BEGIN

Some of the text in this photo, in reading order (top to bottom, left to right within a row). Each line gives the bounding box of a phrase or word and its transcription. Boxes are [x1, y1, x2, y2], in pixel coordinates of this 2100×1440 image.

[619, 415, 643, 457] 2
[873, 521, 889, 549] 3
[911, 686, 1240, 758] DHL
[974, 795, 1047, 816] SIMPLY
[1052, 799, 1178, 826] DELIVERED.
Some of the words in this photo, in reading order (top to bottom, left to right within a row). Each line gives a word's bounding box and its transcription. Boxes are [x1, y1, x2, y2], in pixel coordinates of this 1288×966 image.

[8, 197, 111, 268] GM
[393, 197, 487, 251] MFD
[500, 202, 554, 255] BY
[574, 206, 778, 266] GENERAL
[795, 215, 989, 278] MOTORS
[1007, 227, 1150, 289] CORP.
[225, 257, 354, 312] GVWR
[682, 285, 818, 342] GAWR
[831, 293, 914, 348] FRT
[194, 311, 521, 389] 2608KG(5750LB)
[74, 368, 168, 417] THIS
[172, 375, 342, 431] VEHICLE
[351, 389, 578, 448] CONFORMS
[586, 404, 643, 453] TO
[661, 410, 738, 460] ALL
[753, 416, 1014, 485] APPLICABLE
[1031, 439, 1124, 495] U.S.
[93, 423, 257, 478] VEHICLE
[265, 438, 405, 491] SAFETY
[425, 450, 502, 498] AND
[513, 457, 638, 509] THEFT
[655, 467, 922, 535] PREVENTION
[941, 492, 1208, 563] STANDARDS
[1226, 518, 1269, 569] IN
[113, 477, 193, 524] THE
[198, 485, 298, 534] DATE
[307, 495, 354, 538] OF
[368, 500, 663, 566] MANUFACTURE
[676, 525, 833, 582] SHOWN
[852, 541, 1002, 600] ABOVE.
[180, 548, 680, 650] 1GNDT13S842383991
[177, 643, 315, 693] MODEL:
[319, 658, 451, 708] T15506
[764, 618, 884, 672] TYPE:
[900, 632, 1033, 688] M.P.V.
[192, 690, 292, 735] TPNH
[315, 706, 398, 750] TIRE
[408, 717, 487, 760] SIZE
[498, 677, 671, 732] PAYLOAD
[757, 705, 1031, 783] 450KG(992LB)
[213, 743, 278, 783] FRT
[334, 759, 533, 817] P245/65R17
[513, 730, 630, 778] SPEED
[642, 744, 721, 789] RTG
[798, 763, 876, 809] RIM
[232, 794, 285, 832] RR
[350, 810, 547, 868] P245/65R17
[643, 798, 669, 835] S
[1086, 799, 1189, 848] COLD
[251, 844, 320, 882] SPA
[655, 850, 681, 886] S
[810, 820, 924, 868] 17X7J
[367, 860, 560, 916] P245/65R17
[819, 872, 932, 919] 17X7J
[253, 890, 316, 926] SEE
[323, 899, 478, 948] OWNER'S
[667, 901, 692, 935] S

END

-- What the task requires --
The records shown above should be given again word for word.

-- Solution to the exercise --
Some of the text in this photo, in reading order (top to bottom, left to right within a row). Each line gives the bounding box of a phrase or word and its transcription. Boxes are [x1, y1, x2, y2], in pixel coordinates of this 2100×1440 image.

[619, 415, 643, 457] 2
[873, 521, 889, 549] 3
[911, 686, 1240, 758] DHL
[974, 795, 1047, 816] SIMPLY
[1052, 799, 1178, 826] DELIVERED.
Some of the words in this photo, in reading order (top to bottom, left to right within a row). Each line gives a word's bounding box and its transcription. Boxes are [x1, y1, x2, y2], in pixel coordinates of this 1288×966 image.

[8, 197, 111, 268] GM
[393, 197, 487, 251] MFD
[500, 202, 554, 255] BY
[574, 206, 778, 266] GENERAL
[795, 215, 989, 278] MOTORS
[1007, 227, 1150, 289] CORP.
[225, 257, 354, 312] GVWR
[682, 285, 818, 342] GAWR
[831, 293, 914, 348] FRT
[194, 311, 521, 389] 2608KG(5750LB)
[74, 368, 168, 417] THIS
[172, 375, 342, 431] VEHICLE
[351, 389, 578, 448] CONFORMS
[586, 404, 643, 453] TO
[661, 410, 738, 460] ALL
[753, 416, 1014, 485] APPLICABLE
[1031, 439, 1124, 495] U.S.
[93, 423, 257, 478] VEHICLE
[265, 438, 405, 491] SAFETY
[425, 450, 502, 498] AND
[513, 457, 638, 509] THEFT
[655, 467, 922, 535] PREVENTION
[941, 492, 1208, 563] STANDARDS
[1226, 518, 1269, 569] IN
[113, 477, 193, 524] THE
[198, 485, 298, 534] DATE
[307, 495, 354, 538] OF
[368, 500, 663, 566] MANUFACTURE
[676, 525, 833, 582] SHOWN
[852, 541, 1002, 600] ABOVE.
[180, 548, 680, 650] 1GNDT13S842383991
[177, 643, 315, 693] MODEL:
[319, 658, 451, 708] T15506
[764, 618, 884, 672] TYPE:
[900, 632, 1033, 688] M.P.V.
[192, 690, 292, 735] TPNH
[315, 706, 398, 750] TIRE
[408, 717, 487, 760] SIZE
[498, 677, 671, 732] PAYLOAD
[757, 705, 1031, 783] 450KG(992LB)
[213, 743, 278, 783] FRT
[334, 759, 533, 817] P245/65R17
[513, 730, 630, 778] SPEED
[642, 744, 721, 789] RTG
[798, 763, 876, 809] RIM
[232, 794, 285, 832] RR
[350, 810, 547, 868] P245/65R17
[643, 798, 669, 835] S
[1086, 799, 1189, 848] COLD
[251, 844, 320, 882] SPA
[655, 850, 681, 886] S
[810, 820, 924, 868] 17X7J
[367, 860, 560, 916] P245/65R17
[819, 872, 932, 919] 17X7J
[253, 890, 316, 926] SEE
[323, 899, 478, 948] OWNER'S
[667, 901, 692, 935] S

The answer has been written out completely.